Los dos meses siguientes a la ida de Paolo fueron un poco raros, todo se me hacia cuesta arriba, parecía que no me encontraba en ningún sitio, sentía envidia de todo lo que me rodeaba, no me gustaba quedarme sola, no podía dormir bien, me sentía inquieta. Sin embargo un día me di cuenta de que todo había cambiado, ¡me había acostumbrado a mi nueva vida! y parecía que empezaba a hacer las cosas de siempre. Quedar con mis amigas, quejarme por todo, dormir a pata suelta, estar sola en casa y sentirme a gusto.
Pero una mañana a principios de diciembre…

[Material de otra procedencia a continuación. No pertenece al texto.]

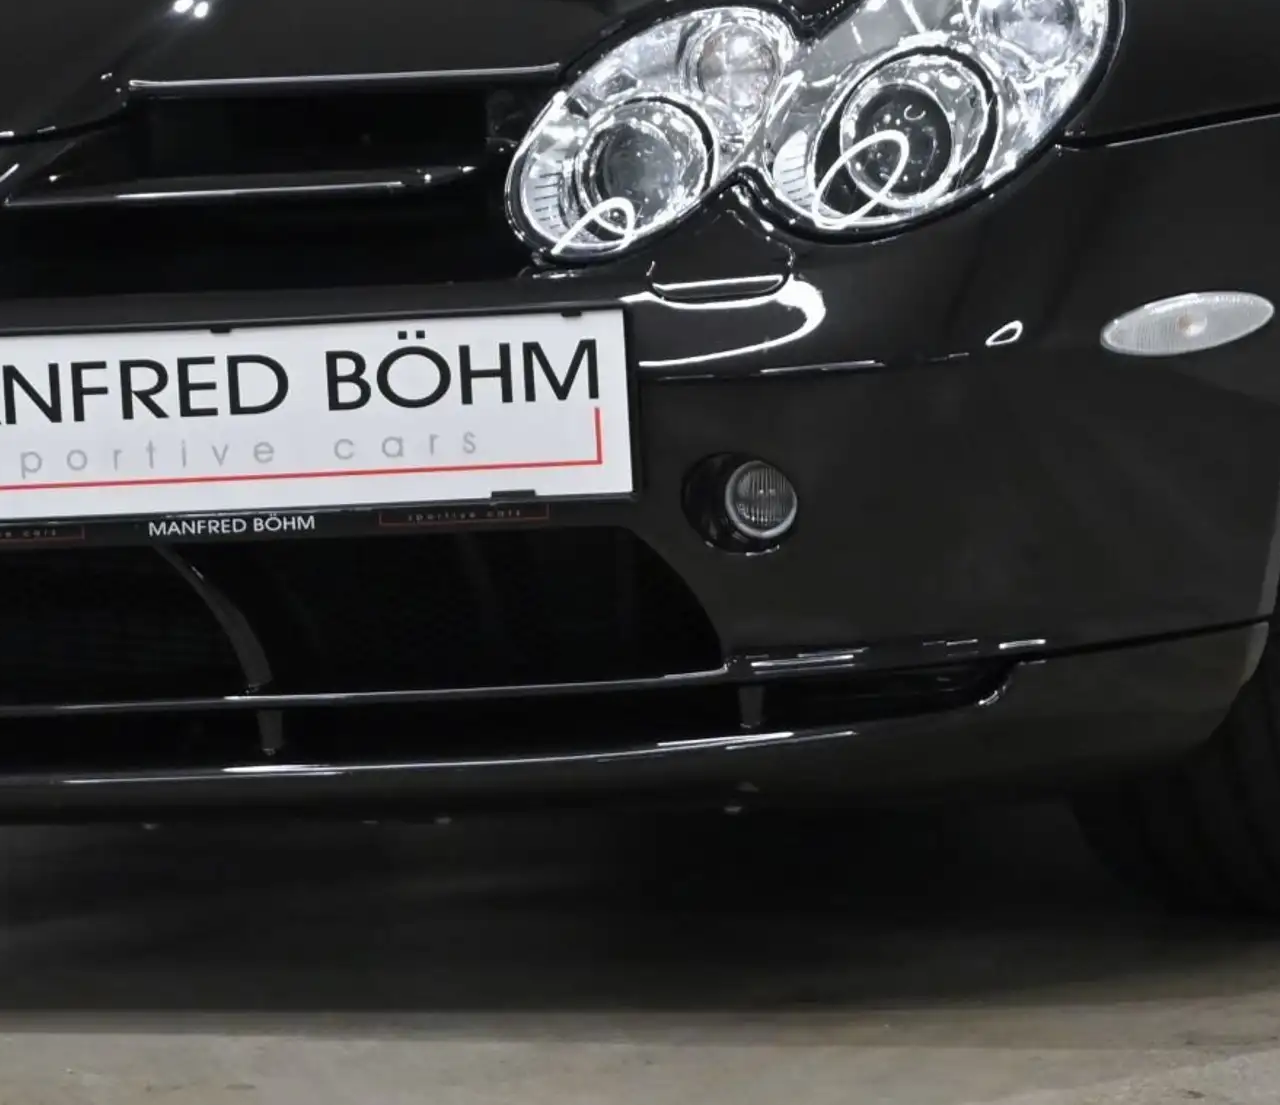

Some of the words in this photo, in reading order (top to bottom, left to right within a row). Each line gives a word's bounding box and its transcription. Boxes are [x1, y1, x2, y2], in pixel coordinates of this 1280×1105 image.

¡Ostias Amanda, hoy tienes ginecólogo!
Todos los años por esas fechas tengo mi revisión ginecológica y siempre se repite la misma historia. Llamas, pides cita, te la dan para el mes que viene, llegas a la consulta, esperas una hora, te lees todas las revistas de madres e hijos que hay, alguna de marujeo y siempre cae algún panfleto de un nuevo y revolucionario anticonceptivo mas seguro que el del año anterior. Después te llaman “Amanda Caro, Amanda Caro”. Te levantas “Puedes entrar”. Mientras vas pensando nooooooooo, nooooo, noooooo”. Entras donde esta el ginecólogo y te dice “Hola Amanda, ve con Ana que te dirá lo que tienes que hacer” Como si no lo supiera después de tantos años. Te metes en un cuarto y te desnudas de cintura abajo. Te sientas en el potro y a esperar a que llegue el matadero con el guante. Después de la revisión te vistes y te dan cita para recoger los resultados. Vuelves a las semanas y como estas como un roble te dicen “Estas perfecta, no tienes nada, ¿quieres hablar con ella?”Y como no tienes nada que decirle te vas a casa y santas pascuas.

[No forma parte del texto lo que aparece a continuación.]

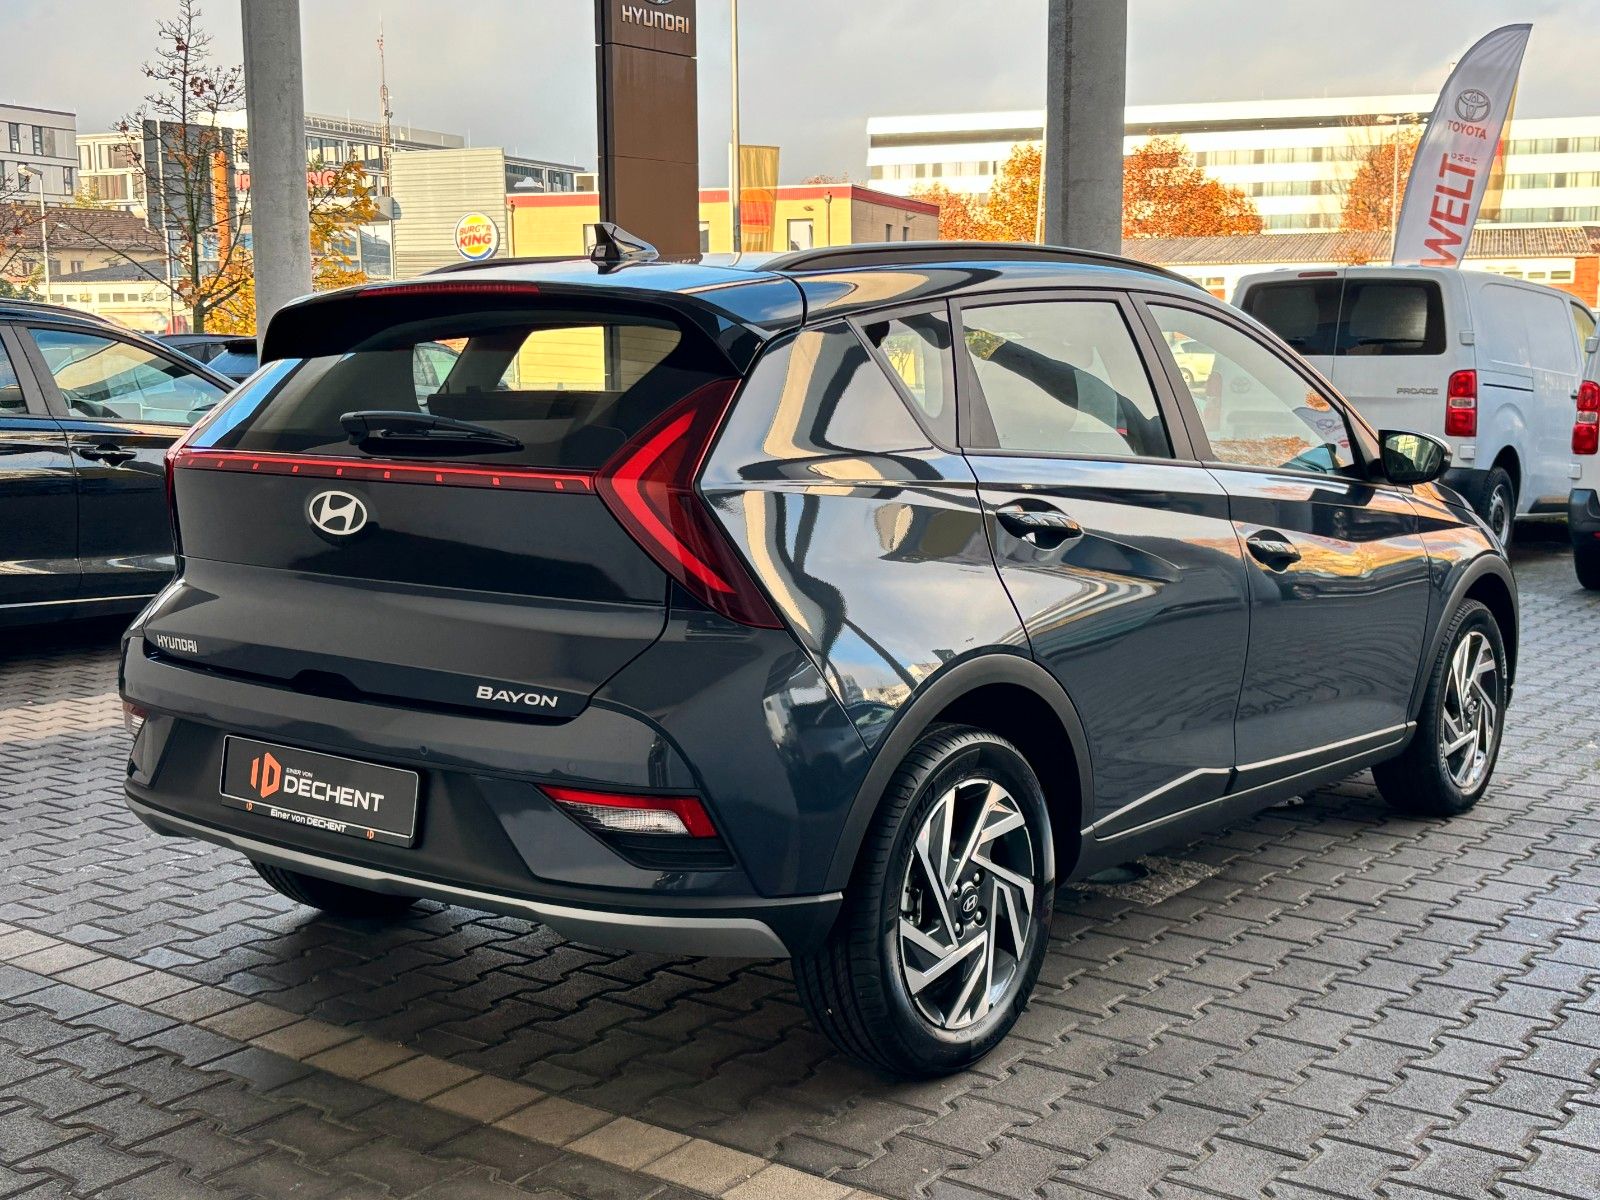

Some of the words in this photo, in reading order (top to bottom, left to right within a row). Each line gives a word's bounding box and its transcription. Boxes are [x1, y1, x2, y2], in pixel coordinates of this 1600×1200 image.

[621, 4, 689, 34] HYUNDAI
[1447, 119, 1487, 140] TOYOTA
[1420, 152, 1477, 267] WELT
[460, 233, 492, 247] KING
[1396, 387, 1439, 395] PROACE
[156, 634, 198, 653] HYUNDAI
[476, 685, 559, 708] BAYON
[283, 775, 385, 812] DECHENT
[270, 808, 290, 820] Einer
[291, 814, 306, 824] von
[306, 816, 347, 833] DECHENT

Pero este año hubo algún que otro cambio. Mientras la ginecóloga me metía esa cosa de metal hasta el higadillo, me dijo “Amanda, tienes un pólipo” Ahhhhhhhhhhhhhhhhh! ¿Pólipo? ¿Qué es eso? ¿Es grabe? ¿Me muero? ¿Qué me queda? ¡Dígame la verdad!!! Que cara tendría de angustia que acto seguido y durante la explicación cambio la palabra pólipo por polipito.

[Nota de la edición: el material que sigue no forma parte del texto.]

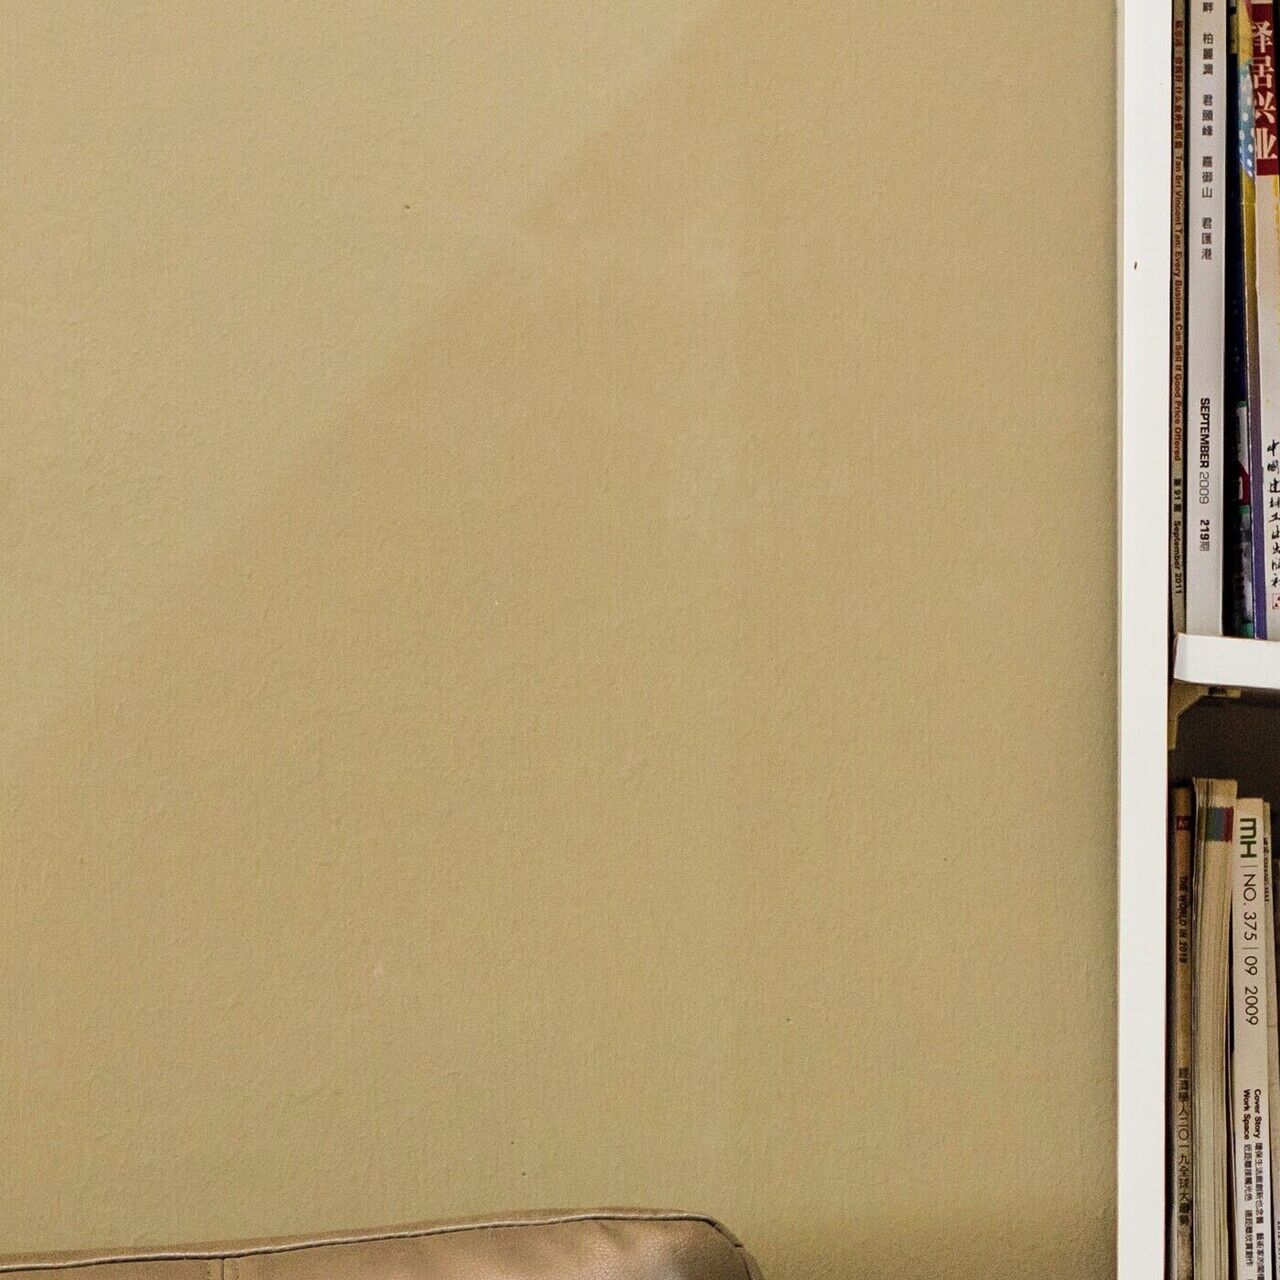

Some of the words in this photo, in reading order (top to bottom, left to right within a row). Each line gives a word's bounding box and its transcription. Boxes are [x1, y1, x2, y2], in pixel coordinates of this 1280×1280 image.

[1199, 397, 1210, 468] SEPTEMBER
[1199, 471, 1210, 504] 2009
[1242, 874, 1257, 906] NO.
[1243, 911, 1257, 941] 375
[1244, 955, 1258, 977] 09
[1245, 988, 1259, 1026] 2009

“No es nada, es algo muy habitual. Si fueras una mujer menopausica lo dejaba ahí, pero al tener treinta años y supongo que pensando en formar una familia ¿yo? ¿Familia? ¿Embarazo? ¿Madre? Pero yo soy joven y…y… ¿hijos? A-a-a-a… debo de quitártelo sino, no podrás quedarte embarazada. Tienes que ponerte una inyección durante dos meses y al tercero te opero. Eso si, dejemos que pase la Navidad y enero para hacerlo todo con mas calma”
Me puse a pensar y… ¿dos meses? ¿Qué pase la Navidad? ¿Enero? Diciembre, enero, febrero, marzo… ¡abril!
Después de unos días y ya algo mas calmada hable con Paolo para decirle todo lo sucedido y que finalmente mi ida se retrasa dos meses.